Swiss curler and Olympic medalist

Ralph Stöckli (born 23 July 1976 in Uzwil) is a Swiss curler from Lucerne. He won a bronze medal at 2010 Winter Olympics.

Stöckli began a successful curling career at the junior level, winning a bronze medal at the World Junior Curling Championships as an alternate in 1994. In 1996, he was the Swiss skip and they won a silver medal, losing to James Dryburgh of Scotland. In 1997 Stöckli won the gold medal defeating Perttu Piilo of Finland in the final. Stöckli ended his junior career with a bronze in 1998.

After a 7th-place finish at the 2002 Ford World Curling Championship, Stöckli won a silver at the 2003 Ford World Curling Championship- losing to Canada's Randy Ferbey in the final.

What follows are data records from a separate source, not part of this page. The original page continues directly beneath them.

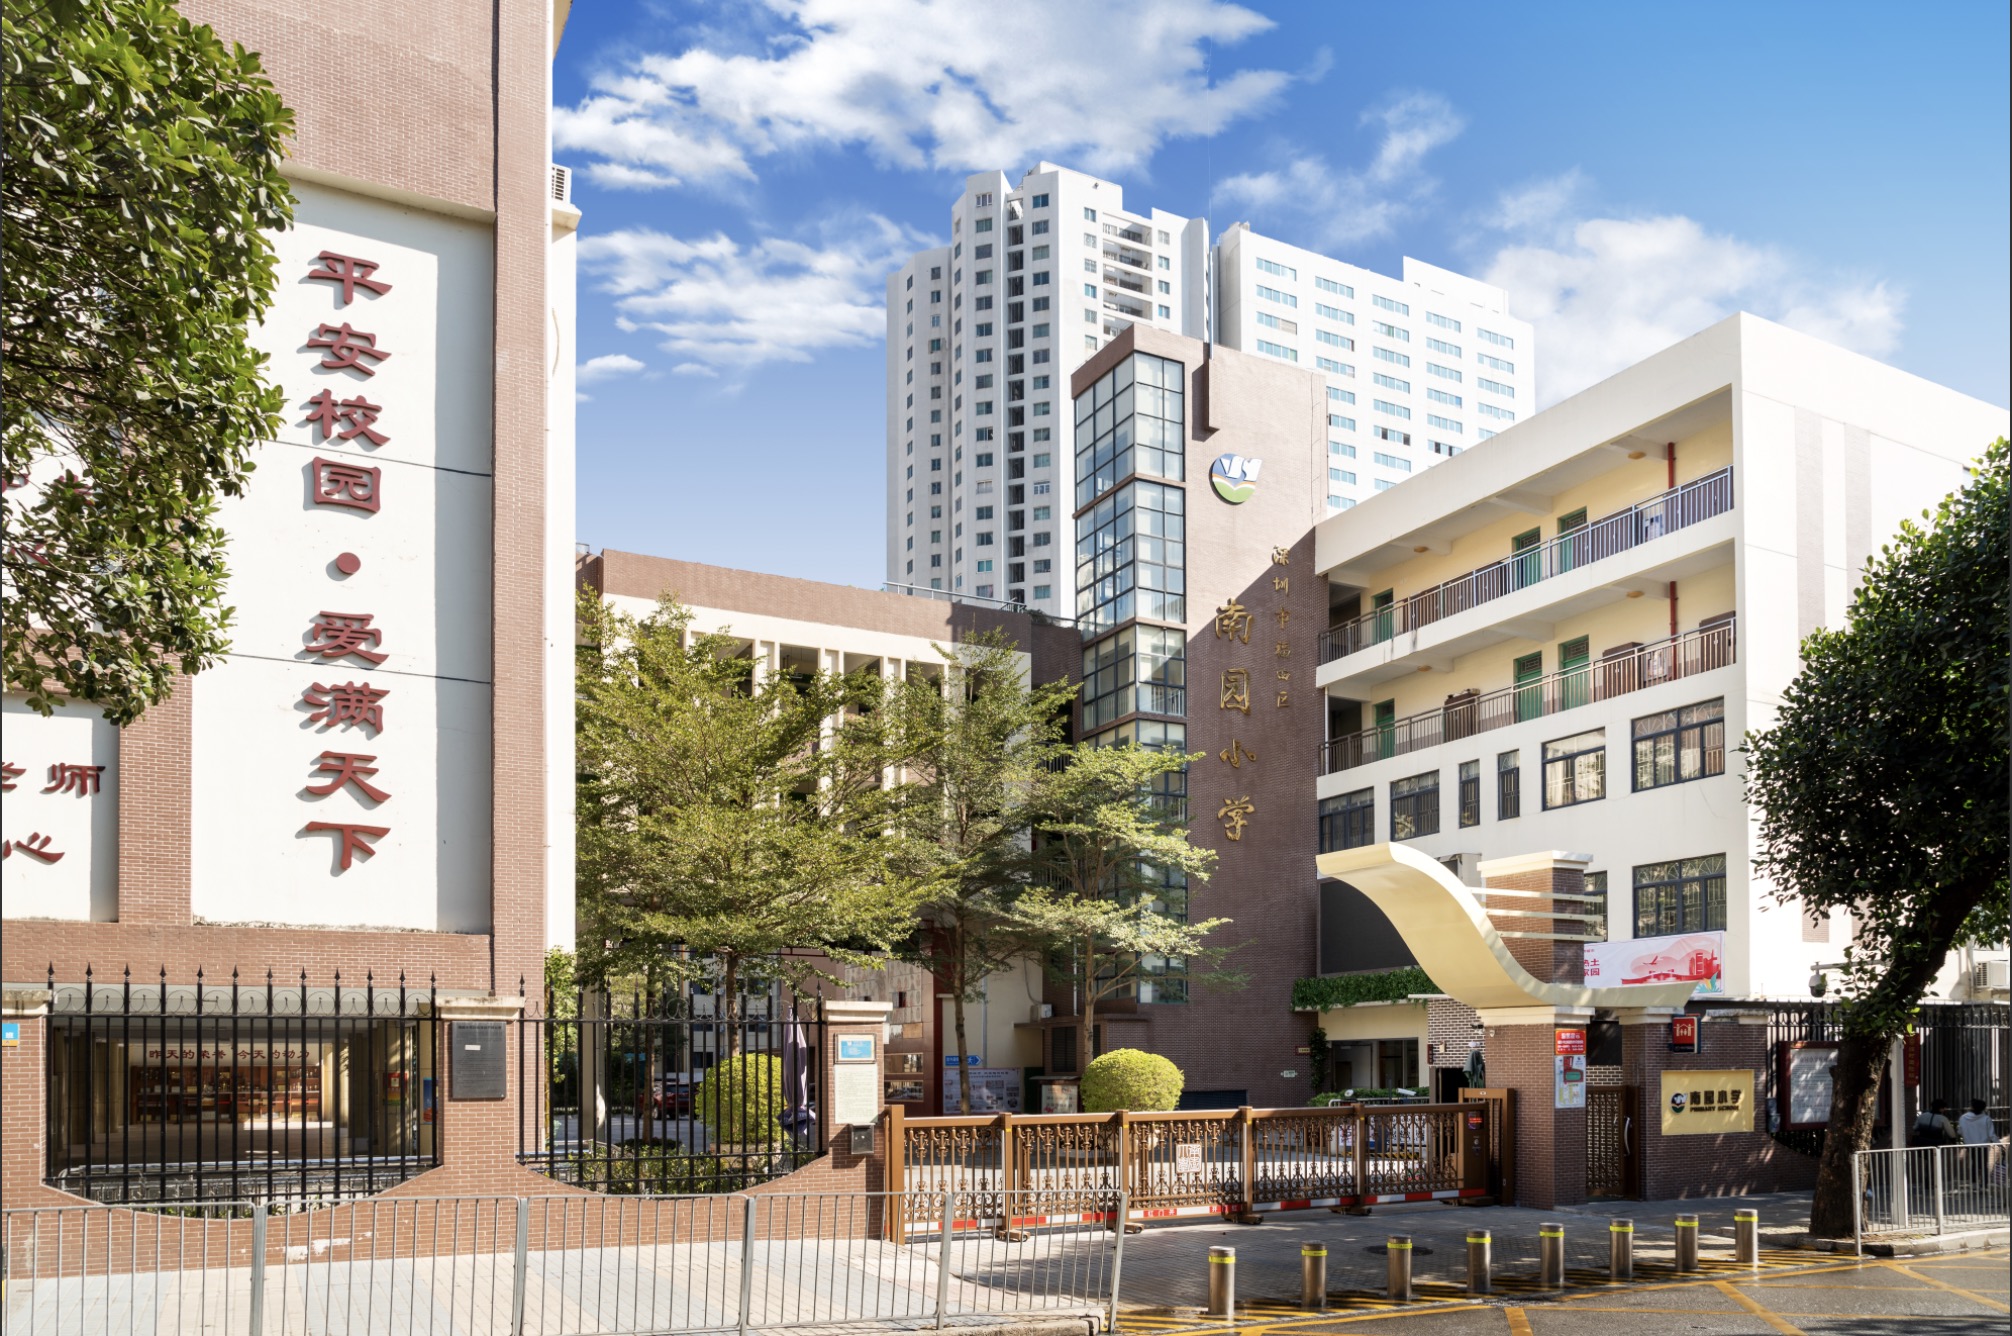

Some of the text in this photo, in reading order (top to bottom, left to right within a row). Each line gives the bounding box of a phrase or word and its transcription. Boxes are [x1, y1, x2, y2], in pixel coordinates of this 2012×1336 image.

[1215, 597, 1256, 841] 南园小学
[1273, 545, 1291, 708] 深圳市福田区
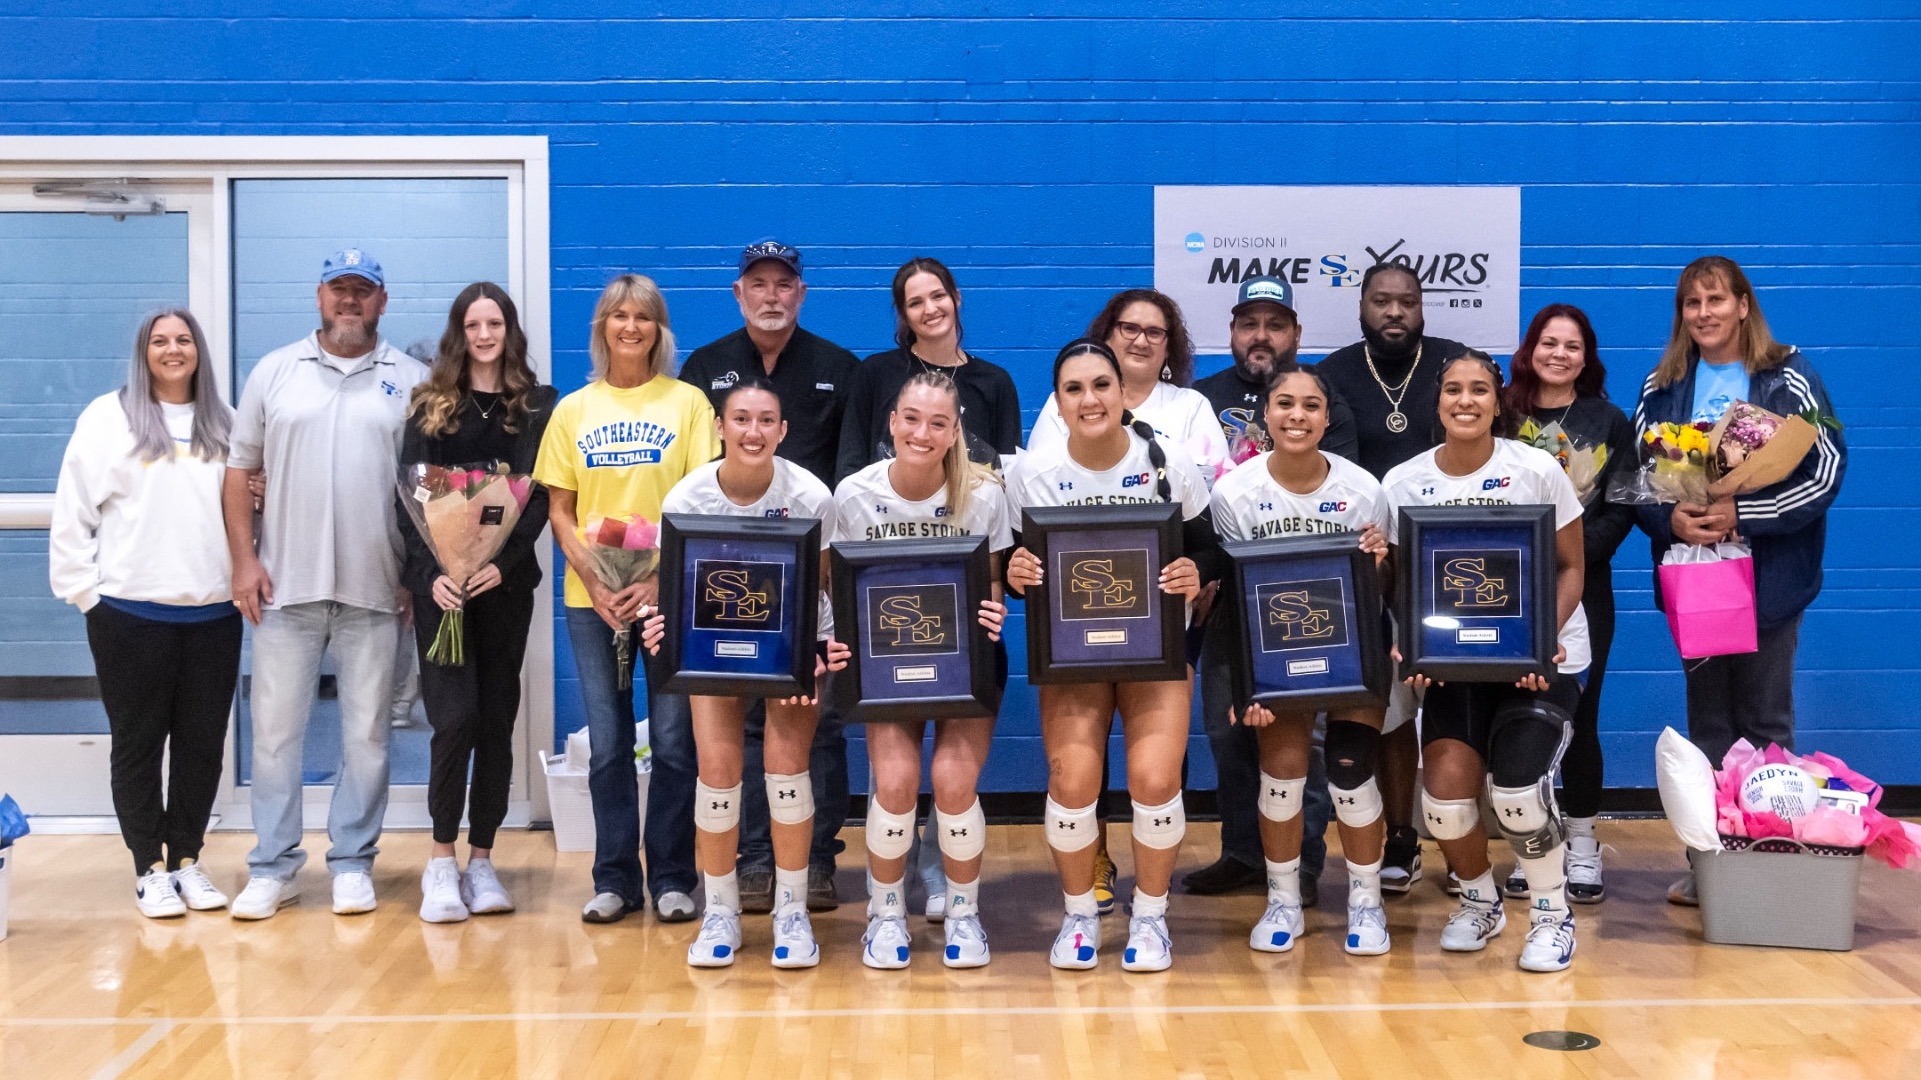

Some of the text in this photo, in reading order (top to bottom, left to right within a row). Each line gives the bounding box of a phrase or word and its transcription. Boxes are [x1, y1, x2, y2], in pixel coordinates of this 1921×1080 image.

[1213, 237, 1287, 249] DIVISION II
[1207, 257, 1312, 284] MAKE
[1320, 254, 1362, 288] SE
[577, 421, 676, 455] SOUTHEASTERN
[591, 450, 654, 466] VOLLEYBALL
[1122, 472, 1149, 488] GAC
[1482, 476, 1511, 491] GAC
[934, 506, 955, 518] GA
[1319, 501, 1347, 513] GAC
[866, 523, 917, 541] SAVAGE
[1251, 517, 1301, 540] SAVAGE
[1071, 559, 1137, 610] SE
[1443, 557, 1509, 607] SE
[706, 569, 770, 622] SE
[879, 595, 945, 646] SE
[1269, 590, 1335, 641] SE
[1744, 768, 1799, 790] JAEDYN

Stöckli was the skip of the Swiss team at the 2006 Winter Olympics in Turin, Italy. The team finished just out of medal contention with a 5-4 record.

Stöckli was vice on the Swiss team (skipped by Andreas Schwaller) that won the 2006 European Curling Championship.

Stöckli announced his retirement from curling in 2010.

After retirement, Stöckli works for Swiss Olympic Association. He is the Chef de Mission of the Swiss Olympic Team for 2016, 2018, 2020, 2022, 2024 and 2026 Olympics.

== Teammates ==

2006 Torino Olympic Games

Claudio Pescia, Third

Pascal Sieber, Second

Marco Battilana, Lead

Simon Strübin, Alternate

2009 Moncton World Championships

2009 Aberdeen European Championships

2010 Vancouver Olympic Games

Jan Hauser, Third

Markus Eggler, Second (Note: In several competitions, Eggler has skipped the game, throwing second stones, with Stöckli throwing fourth stones.)